*** Records Section Begins ***

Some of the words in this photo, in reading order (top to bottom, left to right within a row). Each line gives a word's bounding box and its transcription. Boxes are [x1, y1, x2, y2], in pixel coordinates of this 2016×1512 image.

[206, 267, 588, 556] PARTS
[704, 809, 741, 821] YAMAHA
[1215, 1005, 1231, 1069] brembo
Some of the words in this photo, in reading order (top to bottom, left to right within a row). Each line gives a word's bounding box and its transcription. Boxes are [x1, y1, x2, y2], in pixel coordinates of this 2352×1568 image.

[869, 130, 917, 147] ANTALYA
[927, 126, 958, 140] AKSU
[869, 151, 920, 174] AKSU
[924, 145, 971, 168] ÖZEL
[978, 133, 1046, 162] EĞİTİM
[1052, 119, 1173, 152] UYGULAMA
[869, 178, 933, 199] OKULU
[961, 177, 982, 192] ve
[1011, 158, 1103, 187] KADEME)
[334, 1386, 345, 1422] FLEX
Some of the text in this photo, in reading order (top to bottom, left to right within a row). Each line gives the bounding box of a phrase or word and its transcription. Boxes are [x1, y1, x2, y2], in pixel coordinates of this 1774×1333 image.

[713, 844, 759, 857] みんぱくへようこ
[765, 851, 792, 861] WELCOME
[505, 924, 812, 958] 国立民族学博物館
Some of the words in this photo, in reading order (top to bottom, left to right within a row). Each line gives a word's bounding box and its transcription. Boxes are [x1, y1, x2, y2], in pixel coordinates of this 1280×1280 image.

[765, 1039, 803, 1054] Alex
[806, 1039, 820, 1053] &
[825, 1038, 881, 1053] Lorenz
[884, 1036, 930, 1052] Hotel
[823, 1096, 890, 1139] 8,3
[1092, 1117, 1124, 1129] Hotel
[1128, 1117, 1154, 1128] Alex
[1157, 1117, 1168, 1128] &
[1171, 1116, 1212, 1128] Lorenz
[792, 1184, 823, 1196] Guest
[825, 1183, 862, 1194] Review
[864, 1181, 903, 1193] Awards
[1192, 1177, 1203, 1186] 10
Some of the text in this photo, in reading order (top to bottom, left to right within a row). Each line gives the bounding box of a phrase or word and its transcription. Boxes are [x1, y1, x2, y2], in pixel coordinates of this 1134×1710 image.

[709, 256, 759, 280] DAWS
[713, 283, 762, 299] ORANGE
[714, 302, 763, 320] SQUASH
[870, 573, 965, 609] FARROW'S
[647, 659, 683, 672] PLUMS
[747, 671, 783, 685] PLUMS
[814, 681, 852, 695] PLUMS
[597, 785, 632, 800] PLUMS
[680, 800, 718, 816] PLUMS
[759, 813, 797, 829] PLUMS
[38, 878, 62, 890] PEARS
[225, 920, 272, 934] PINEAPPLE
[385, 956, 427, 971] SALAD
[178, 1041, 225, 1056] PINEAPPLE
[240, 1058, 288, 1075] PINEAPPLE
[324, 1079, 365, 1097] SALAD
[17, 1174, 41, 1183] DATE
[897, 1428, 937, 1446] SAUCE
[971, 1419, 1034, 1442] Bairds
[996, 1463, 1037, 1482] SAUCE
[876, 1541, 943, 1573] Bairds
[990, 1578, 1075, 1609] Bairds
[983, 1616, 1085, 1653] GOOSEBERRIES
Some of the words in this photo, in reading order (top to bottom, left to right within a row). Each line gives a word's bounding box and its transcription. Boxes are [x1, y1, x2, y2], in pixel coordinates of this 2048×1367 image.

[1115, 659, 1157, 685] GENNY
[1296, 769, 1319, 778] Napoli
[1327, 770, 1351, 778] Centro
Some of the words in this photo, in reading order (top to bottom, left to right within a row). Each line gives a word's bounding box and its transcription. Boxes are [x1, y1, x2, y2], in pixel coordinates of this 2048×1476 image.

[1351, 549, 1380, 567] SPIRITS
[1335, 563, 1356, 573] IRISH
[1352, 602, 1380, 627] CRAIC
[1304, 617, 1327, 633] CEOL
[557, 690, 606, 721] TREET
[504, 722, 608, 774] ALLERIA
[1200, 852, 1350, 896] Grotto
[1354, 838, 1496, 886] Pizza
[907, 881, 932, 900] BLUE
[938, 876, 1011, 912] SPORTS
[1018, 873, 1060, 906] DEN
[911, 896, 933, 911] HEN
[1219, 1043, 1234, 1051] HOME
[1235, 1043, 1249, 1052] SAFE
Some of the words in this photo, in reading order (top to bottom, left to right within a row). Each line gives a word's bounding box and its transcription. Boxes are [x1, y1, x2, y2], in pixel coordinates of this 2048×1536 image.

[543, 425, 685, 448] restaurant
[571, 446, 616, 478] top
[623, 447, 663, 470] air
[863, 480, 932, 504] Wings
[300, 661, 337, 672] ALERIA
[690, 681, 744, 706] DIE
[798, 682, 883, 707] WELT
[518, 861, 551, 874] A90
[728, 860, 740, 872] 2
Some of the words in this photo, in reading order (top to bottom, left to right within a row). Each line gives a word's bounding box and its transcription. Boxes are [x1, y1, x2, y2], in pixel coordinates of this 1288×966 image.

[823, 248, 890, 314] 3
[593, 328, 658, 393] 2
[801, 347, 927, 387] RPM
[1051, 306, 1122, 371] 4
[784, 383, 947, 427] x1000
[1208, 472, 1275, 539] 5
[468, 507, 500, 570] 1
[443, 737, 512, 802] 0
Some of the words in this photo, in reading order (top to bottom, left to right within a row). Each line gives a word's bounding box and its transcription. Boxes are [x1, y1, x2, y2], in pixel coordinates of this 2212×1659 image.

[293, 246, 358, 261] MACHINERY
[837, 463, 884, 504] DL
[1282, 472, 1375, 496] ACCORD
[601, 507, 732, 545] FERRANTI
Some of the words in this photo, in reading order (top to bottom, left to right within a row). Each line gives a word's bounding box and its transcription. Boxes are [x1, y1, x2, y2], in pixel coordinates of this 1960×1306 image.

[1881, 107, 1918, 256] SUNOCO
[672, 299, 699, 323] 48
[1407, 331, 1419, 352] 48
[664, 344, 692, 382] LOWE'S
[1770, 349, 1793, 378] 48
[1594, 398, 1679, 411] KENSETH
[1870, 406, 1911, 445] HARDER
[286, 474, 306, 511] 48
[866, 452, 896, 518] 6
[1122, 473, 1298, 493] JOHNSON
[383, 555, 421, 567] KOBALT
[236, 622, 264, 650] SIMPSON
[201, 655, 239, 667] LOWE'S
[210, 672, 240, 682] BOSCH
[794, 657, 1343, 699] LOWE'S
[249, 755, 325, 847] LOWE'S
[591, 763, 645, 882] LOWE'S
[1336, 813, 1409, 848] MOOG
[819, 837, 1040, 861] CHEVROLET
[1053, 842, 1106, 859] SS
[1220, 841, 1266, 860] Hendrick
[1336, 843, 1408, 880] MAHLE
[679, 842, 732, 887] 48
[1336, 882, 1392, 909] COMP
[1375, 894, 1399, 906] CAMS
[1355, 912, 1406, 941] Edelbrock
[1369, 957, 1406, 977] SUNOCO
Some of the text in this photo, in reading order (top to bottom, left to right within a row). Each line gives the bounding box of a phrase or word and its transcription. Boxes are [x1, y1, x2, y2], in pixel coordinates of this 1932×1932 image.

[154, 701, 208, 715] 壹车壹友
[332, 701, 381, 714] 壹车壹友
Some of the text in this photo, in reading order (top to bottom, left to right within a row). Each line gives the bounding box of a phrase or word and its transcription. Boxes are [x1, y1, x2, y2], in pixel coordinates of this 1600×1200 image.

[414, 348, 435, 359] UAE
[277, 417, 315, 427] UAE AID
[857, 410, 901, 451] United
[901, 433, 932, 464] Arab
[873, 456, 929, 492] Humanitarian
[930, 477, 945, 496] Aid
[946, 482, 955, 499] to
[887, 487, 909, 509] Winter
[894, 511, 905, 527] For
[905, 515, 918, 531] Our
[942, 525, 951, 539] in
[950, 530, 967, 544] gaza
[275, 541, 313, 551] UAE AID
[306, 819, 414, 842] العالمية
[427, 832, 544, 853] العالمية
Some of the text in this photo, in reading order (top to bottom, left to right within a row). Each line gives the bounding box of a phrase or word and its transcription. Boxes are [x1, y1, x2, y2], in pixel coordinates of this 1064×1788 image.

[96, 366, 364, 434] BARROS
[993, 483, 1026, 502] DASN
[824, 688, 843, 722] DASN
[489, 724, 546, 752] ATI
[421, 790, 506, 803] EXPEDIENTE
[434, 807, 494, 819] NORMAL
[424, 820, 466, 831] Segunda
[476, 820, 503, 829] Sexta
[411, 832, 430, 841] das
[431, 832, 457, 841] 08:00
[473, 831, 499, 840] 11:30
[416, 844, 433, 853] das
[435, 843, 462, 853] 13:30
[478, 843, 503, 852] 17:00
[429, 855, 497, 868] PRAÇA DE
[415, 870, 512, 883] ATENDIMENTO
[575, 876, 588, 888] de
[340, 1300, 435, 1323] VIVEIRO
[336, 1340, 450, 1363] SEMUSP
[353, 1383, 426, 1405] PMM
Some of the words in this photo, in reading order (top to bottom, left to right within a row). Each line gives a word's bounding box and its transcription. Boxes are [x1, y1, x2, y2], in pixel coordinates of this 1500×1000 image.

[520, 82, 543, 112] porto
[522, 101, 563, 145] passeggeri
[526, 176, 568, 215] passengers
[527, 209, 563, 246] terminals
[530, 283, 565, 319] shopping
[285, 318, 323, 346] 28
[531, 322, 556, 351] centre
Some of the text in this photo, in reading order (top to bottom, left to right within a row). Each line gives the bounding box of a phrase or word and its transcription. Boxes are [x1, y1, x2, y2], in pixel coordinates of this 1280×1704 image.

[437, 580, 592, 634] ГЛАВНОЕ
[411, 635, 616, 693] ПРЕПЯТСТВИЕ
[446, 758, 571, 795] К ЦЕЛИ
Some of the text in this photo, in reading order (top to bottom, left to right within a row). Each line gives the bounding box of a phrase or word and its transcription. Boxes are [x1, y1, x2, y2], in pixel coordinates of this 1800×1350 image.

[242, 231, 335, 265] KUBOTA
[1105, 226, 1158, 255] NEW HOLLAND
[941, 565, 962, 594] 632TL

*** Records Section Ends ***

__Your objective__
Would you copy exactly the lines from the one that contains "this 1280×1704 image." through the final line of the records above, including both?

__Answer section__
Some of the text in this photo, in reading order (top to bottom, left to right within a row). Each line gives the bounding box of a phrase or word and its transcription. Boxes are [x1, y1, x2, y2], in pixel coordinates of this 1280×1704 image.

[437, 580, 592, 634] ГЛАВНОЕ
[411, 635, 616, 693] ПРЕПЯТСТВИЕ
[446, 758, 571, 795] К ЦЕЛИ
Some of the text in this photo, in reading order (top to bottom, left to right within a row). Each line gives the bounding box of a phrase or word and its transcription. Boxes are [x1, y1, x2, y2], in pixel coordinates of this 1800×1350 image.

[242, 231, 335, 265] KUBOTA
[1105, 226, 1158, 255] NEW HOLLAND
[941, 565, 962, 594] 632TL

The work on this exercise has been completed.